Десять лет путешествий дали Субботе знания и опыт. Он не соглашался принять ни одну из моих историй. Он всегда возражал, я же всякий раз отвечал ему:
– Там так написано.
– Ты в этом уверен, Ромен?
Я брал книгу и читал ему вслух, а он слушал, потирая свой нос длинными пальцами, а выслушав все до конца, уступал, как слепой уступает дорогу зрячему.
– Да, правда, там так написано, но… Я бывал на берегу Африки и никогда не видел, чтобы львы отправлялись вплавь, чтобы напасть на корабль!
Суббота ходил и по северным морям и рассказывал о своих путешествиях, стараясь вознаградить меня за рассказы о Робинзоне. Однажды их затерло во льдах, и они были вынуждены зимовать в открытом море. Целых шесть месяцев они жили в ледяной пустыне. Большая часть экипажа была навсегда погребена под снегом, собаки перемерли, не то от голода и холода, не то от недостатка света.

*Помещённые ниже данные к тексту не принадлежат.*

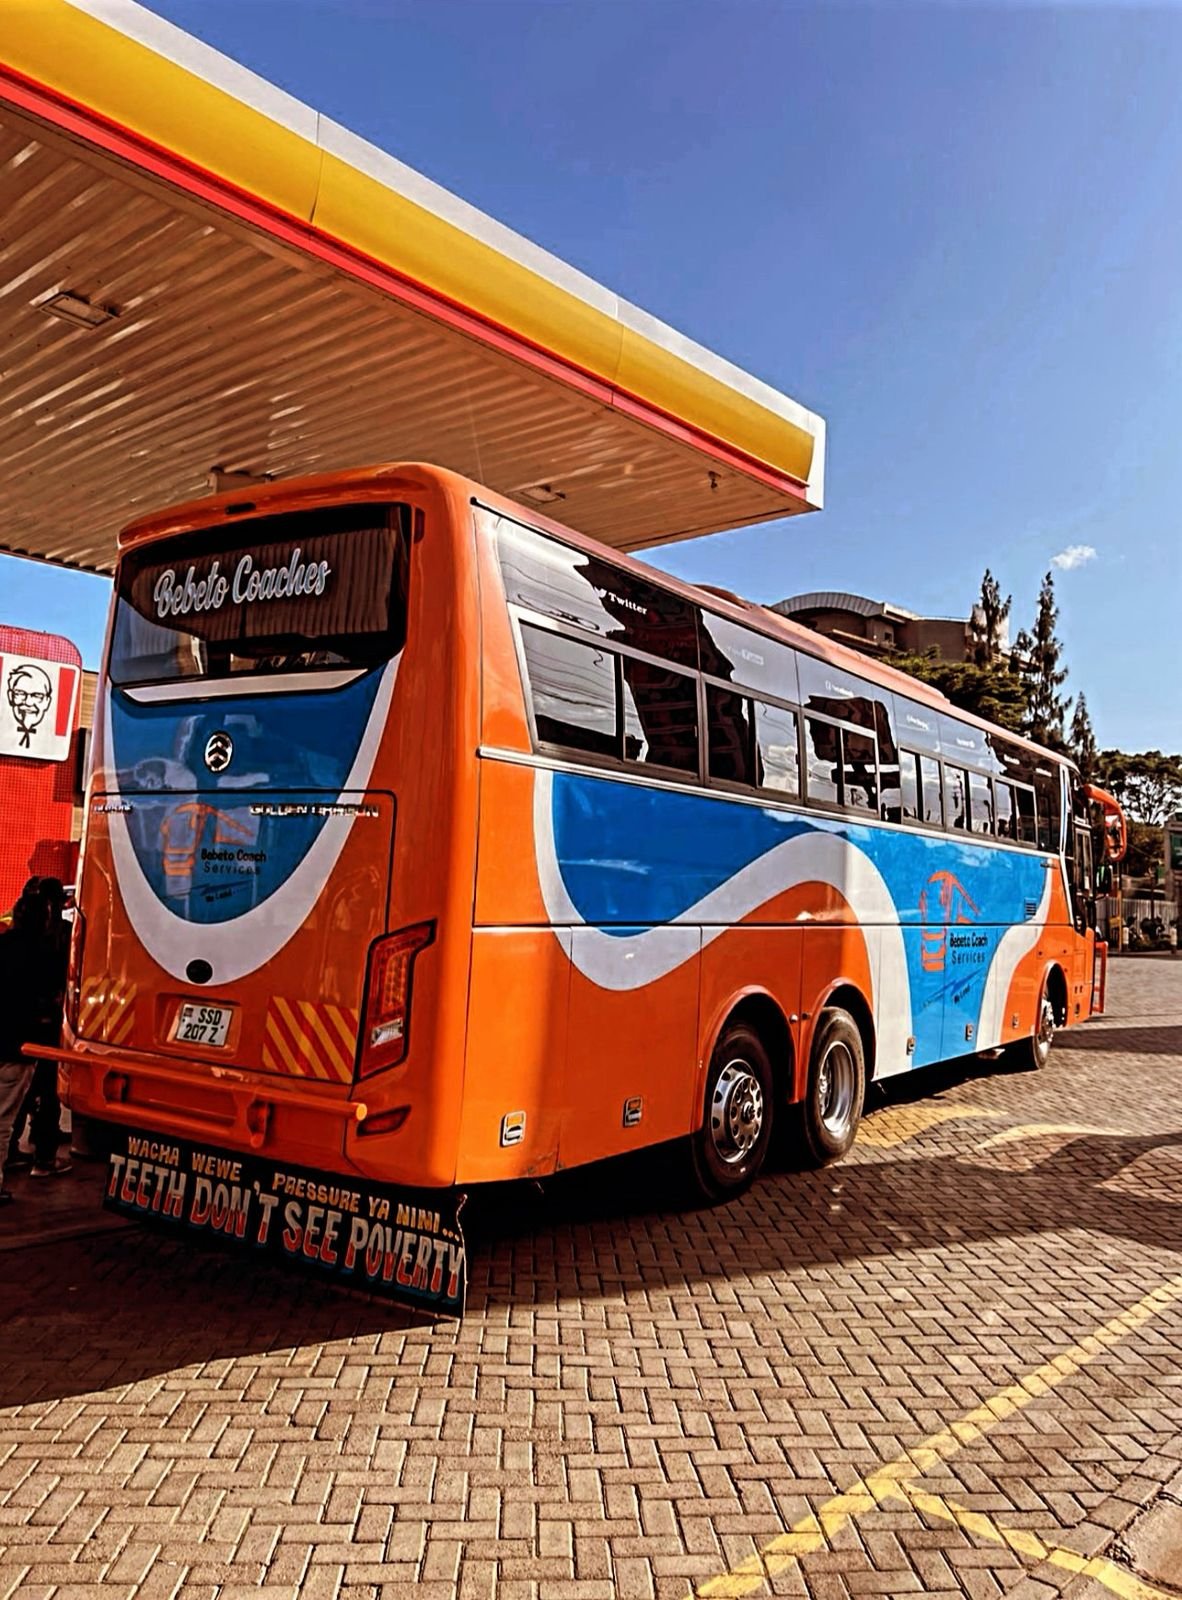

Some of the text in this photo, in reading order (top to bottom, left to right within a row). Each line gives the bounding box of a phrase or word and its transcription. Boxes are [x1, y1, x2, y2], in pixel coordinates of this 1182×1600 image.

– Если бы у нас было достаточно масла, чтобы поддерживать огонь в лампе, – говорил Суббота, – они, может быть, и выжили бы.
Его рассказы были почти так же интересны, как рассказы Робинзона Крузо.
– А об этом написано в книжке? – спрашивал я.
И Суббота торжественно объявлял, что он это не вычитал, а видел своими глазами. Что же делать, если об этом ничего не было написано!